◆ Records drawn from a dataset
○ ○ ○ ○ ○
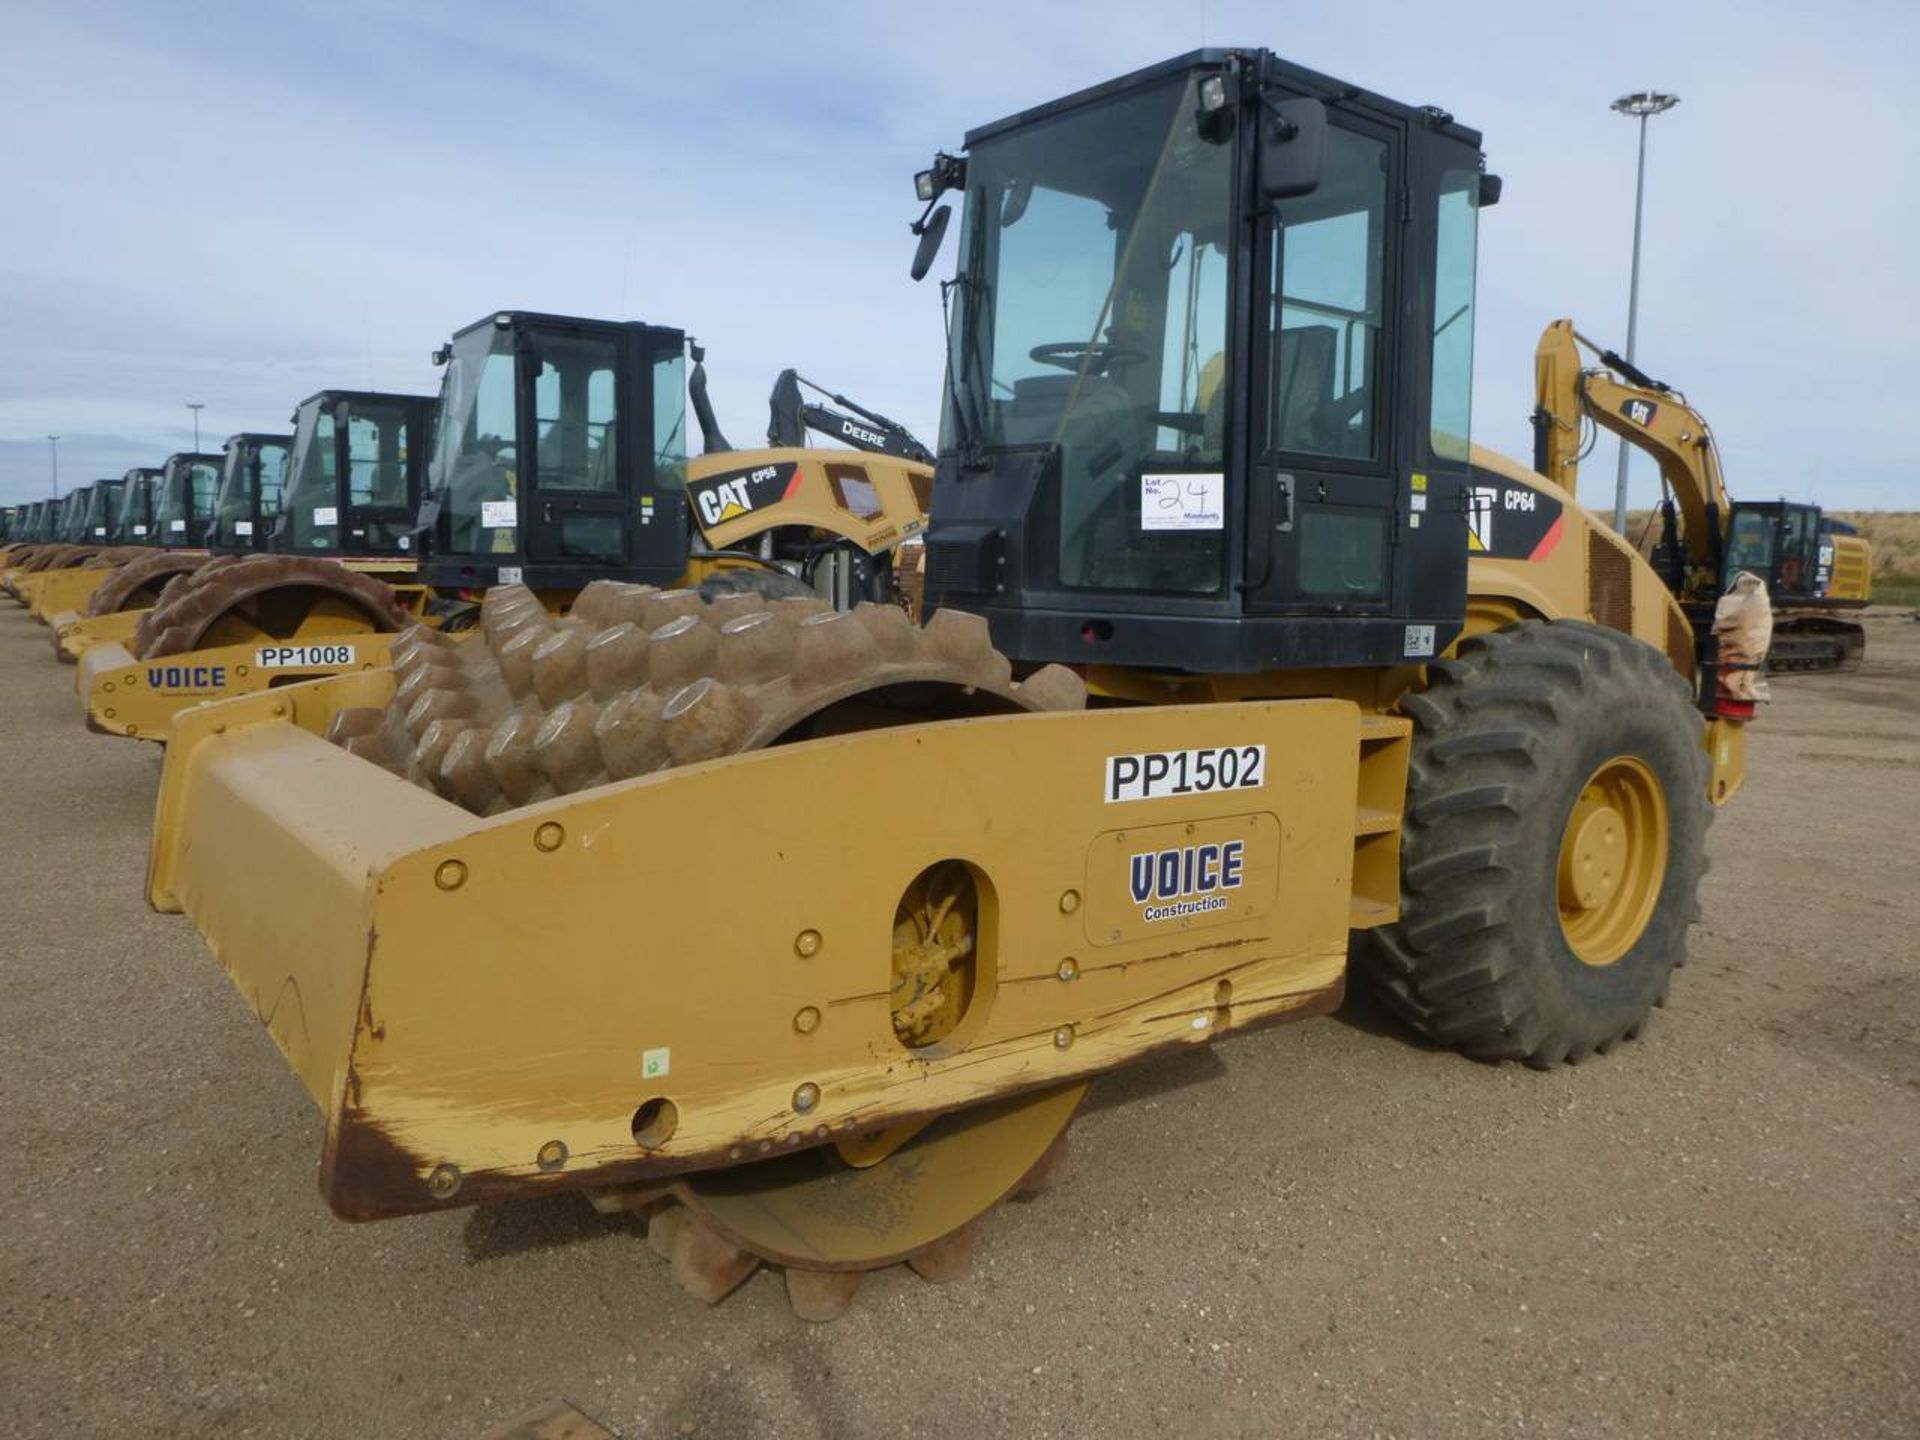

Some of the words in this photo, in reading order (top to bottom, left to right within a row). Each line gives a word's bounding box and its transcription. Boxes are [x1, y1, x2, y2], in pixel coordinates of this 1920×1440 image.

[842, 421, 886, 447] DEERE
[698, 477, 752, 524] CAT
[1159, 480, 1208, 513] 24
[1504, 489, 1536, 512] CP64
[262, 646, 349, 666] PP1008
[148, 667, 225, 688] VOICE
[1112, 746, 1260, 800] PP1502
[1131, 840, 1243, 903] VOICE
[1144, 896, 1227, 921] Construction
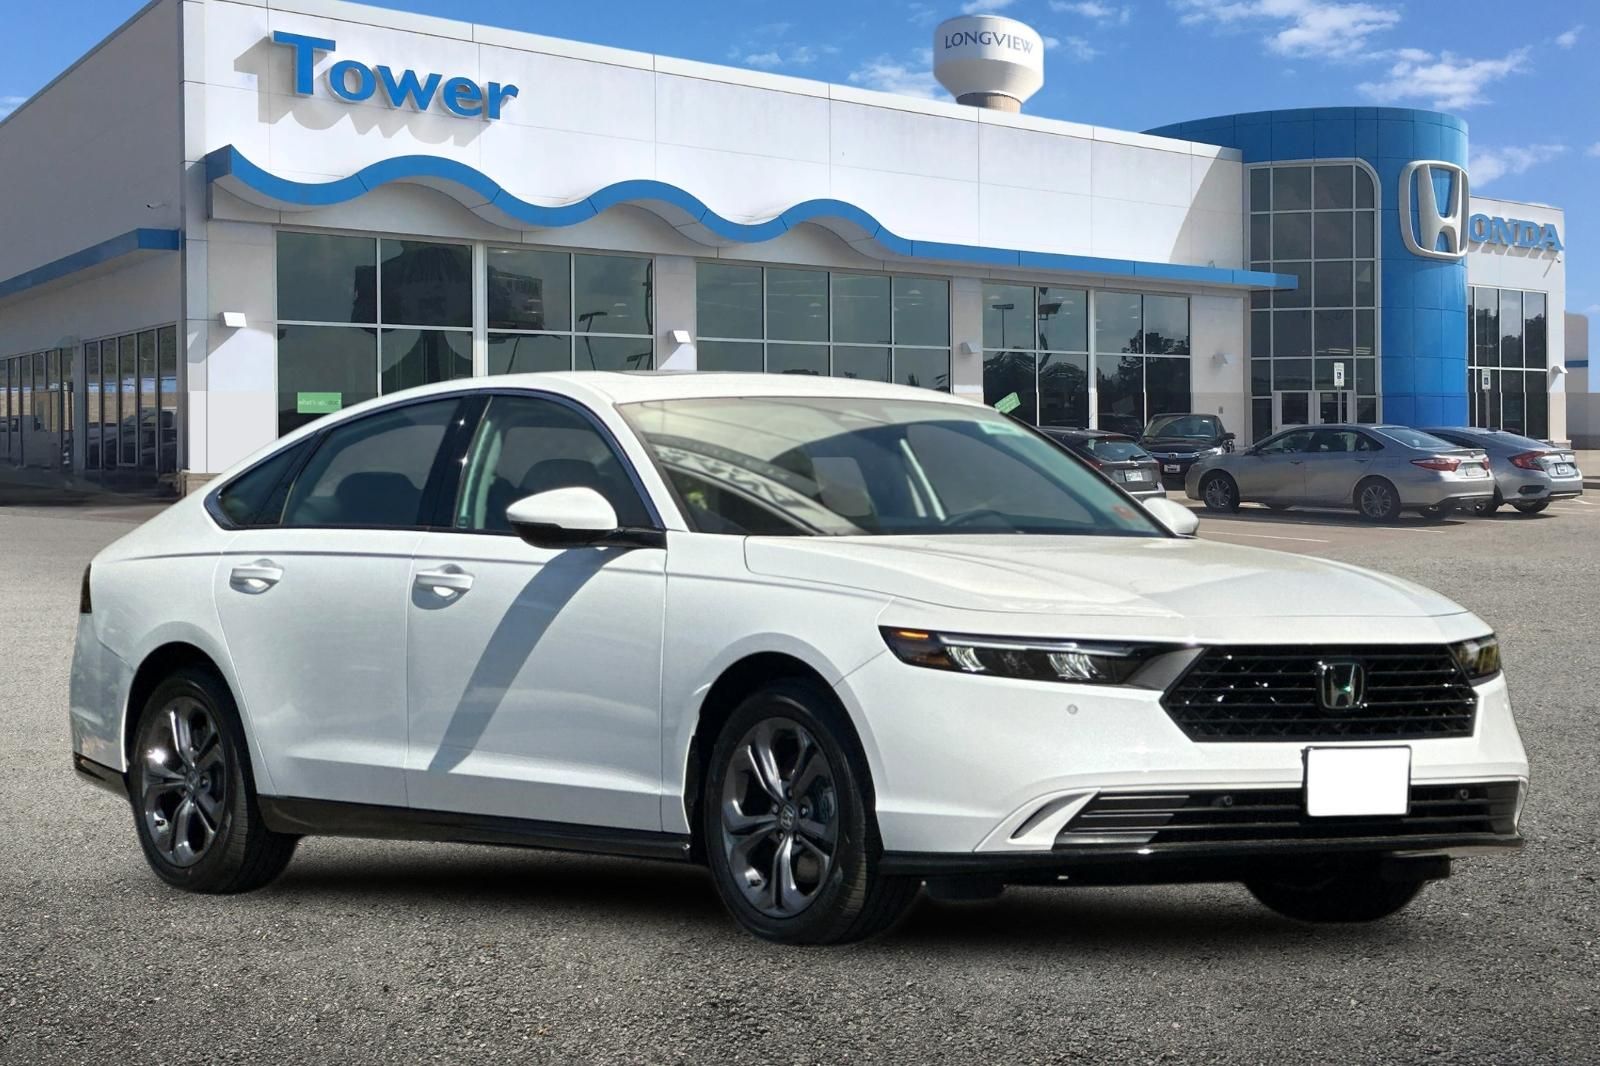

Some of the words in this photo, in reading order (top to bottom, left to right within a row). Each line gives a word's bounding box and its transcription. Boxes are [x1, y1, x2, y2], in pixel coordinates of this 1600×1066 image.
○ ○ ○ ○ ○
◆ EXERCISE AIM
Output all the records above exactly, but without their images.

◆ THE COMPLETED TASK
Some of the words in this photo, in reading order (top to bottom, left to right within a row). Each line gives a word's bounding box and its transcription. Boxes are [x1, y1, x2, y2], in pixel coordinates of this 1920×1440 image.

[842, 421, 886, 447] DEERE
[698, 477, 752, 524] CAT
[1159, 480, 1208, 513] 24
[1504, 489, 1536, 512] CP64
[262, 646, 349, 666] PP1008
[148, 667, 225, 688] VOICE
[1112, 746, 1260, 800] PP1502
[1131, 840, 1243, 903] VOICE
[1144, 896, 1227, 921] Construction

Some of the words in this photo, in reading order (top to bottom, left to right within a row). Each line gives a word's bounding box and its transcription. Boxes are [x1, y1, x2, y2], in pixel coordinates of this 1600×1066 image.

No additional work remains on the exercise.